Electronic-cigarette, or
vaping, product use-associated lung injury (
EVALI) is a syndrome of acute
respiratory failure characterized by monocytic and neutrophilic alveolar
inflammation. Epidemiological and clinical evidence suggests a role of
vitamin E acetate (VEA) in the development of
EVALI, yet it remains unclear whether VEA has direct pulmonary toxicity. To test the hypotheses that aerosolized VEA causes
lung injury in mice and directly injures human alveolar epithelial cells, we exposed adult mice and primary human alveolar epithelial type II (AT II) cells to an
aerosol of VEA generated by a device designed for vaping
oils. Outcome measures in mice included lung
edema, BAL analysis, histology, and inflammatory
cytokines; in vitro outcomes included cell death,
cytokine release, cellular uptake of VEA, and gene-expression analysis. Comparison exposures in both models included the popular
nicotine-containing JUUL
aerosol.
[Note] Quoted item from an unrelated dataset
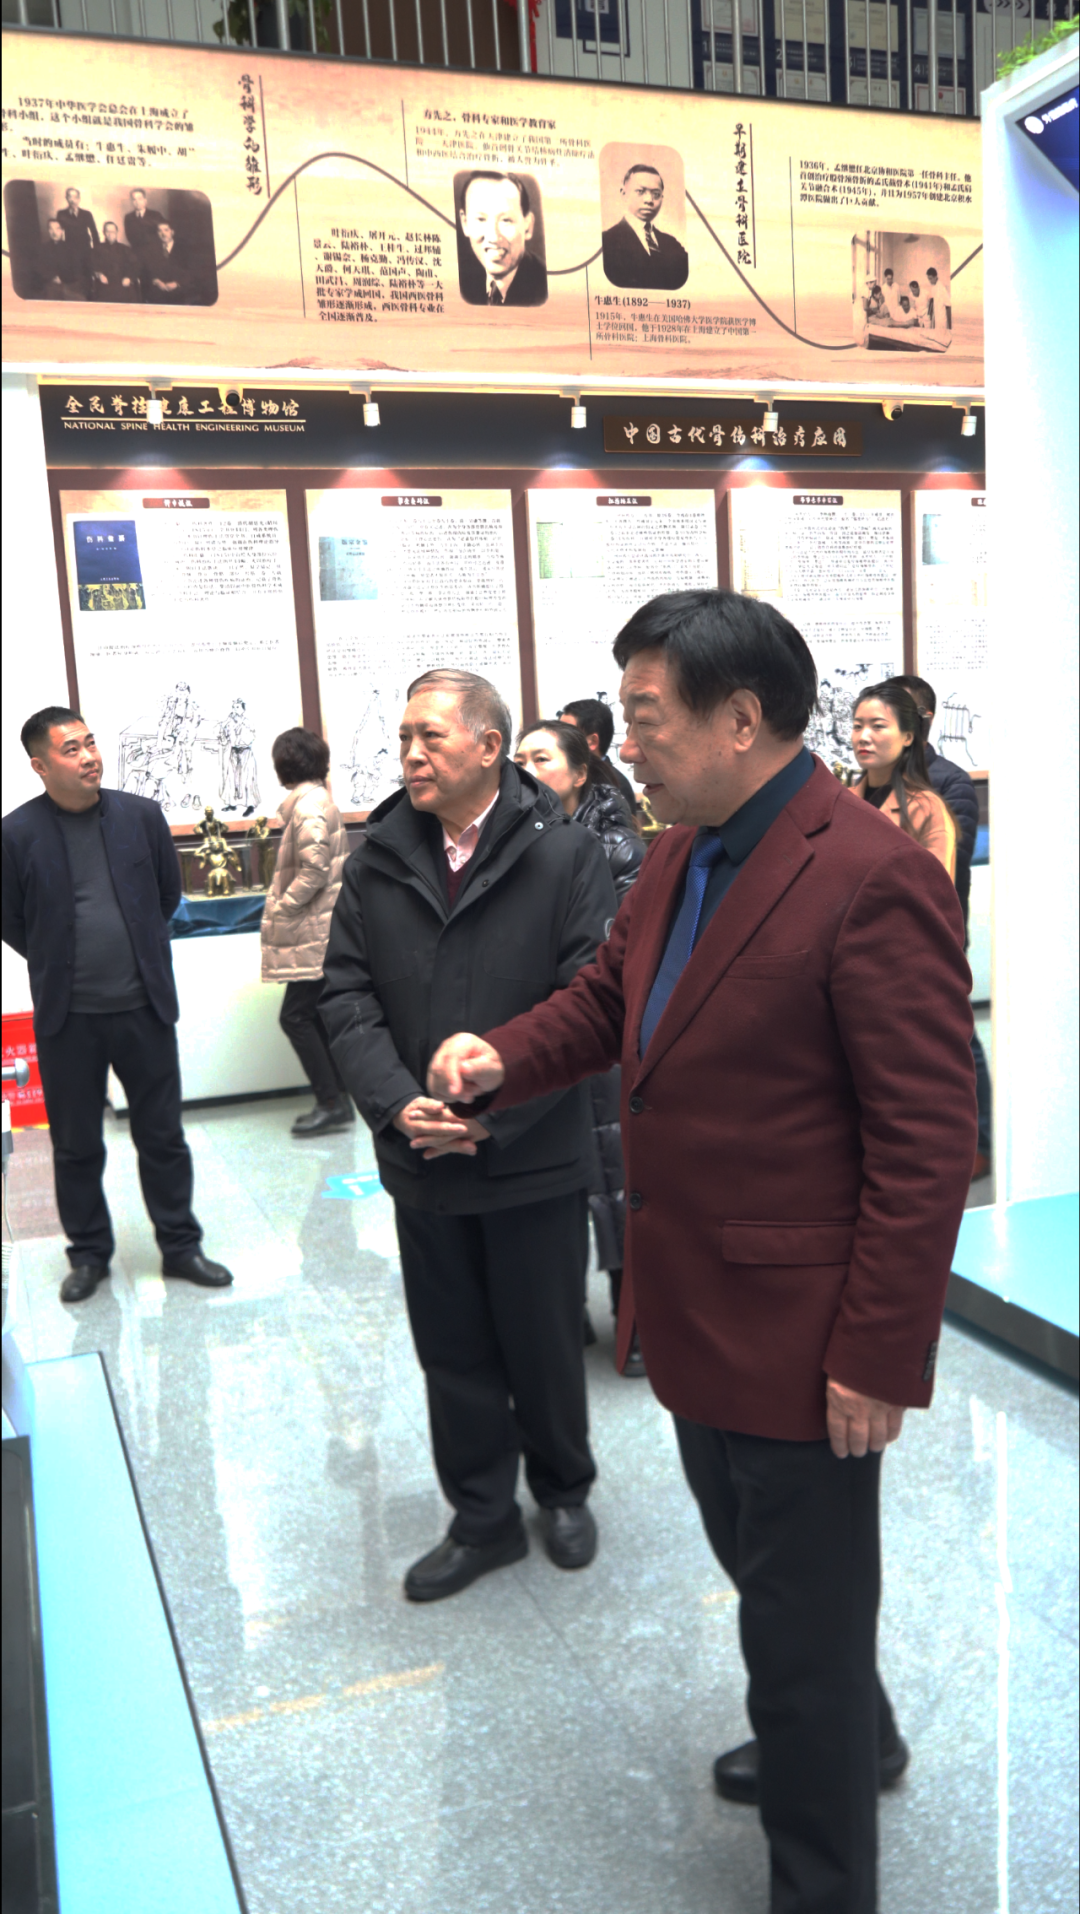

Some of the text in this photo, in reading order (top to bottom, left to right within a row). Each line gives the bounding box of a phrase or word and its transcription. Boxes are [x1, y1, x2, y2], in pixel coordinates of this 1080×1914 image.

[64, 421, 305, 432] NATIONAL SPINE HEALTH ENGINEERING MUSEUM
[623, 422, 847, 448] 中国古代骨伤科治疗应用
[2, 1043, 37, 1058] 火器箱
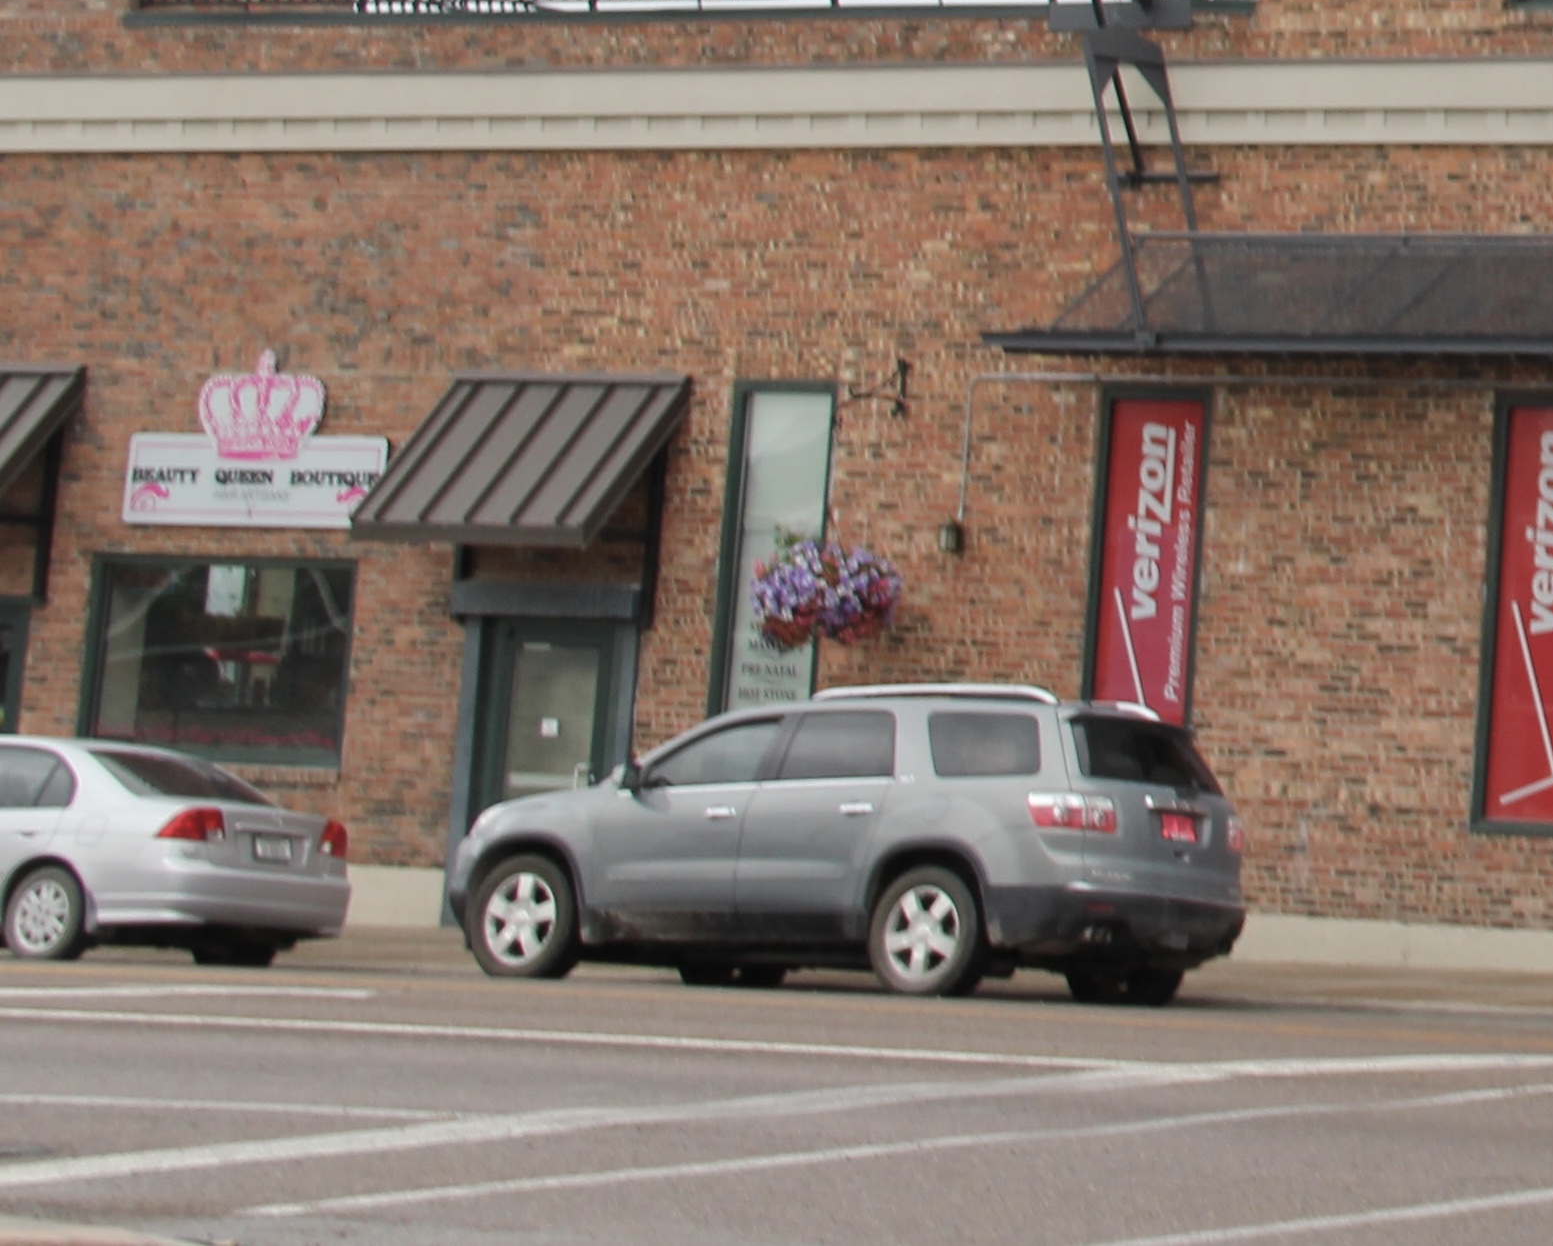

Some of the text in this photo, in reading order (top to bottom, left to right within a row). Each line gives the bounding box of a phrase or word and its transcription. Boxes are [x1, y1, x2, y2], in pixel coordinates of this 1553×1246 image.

We discovered that VEA caused dose-dependent increases in lung water and BAL
protein compared with control and JUUL-exposed mice in association with increased BAL neutrophils, oil-laden macrophages, multinucleated giant cells, and inflammatory
cytokines. VEA
aerosol was also toxic to AT II cells, causing increased cell death and the release of monocyte and neutrophil
chemokines. VEA was directly absorbed by AT II cells, resulting in the differential gene expression of several inflammatory biological pathways. Given the epidemiological and clinical characteristics of the
EVALI outbreak, these results suggest that VEA plays an important causal role.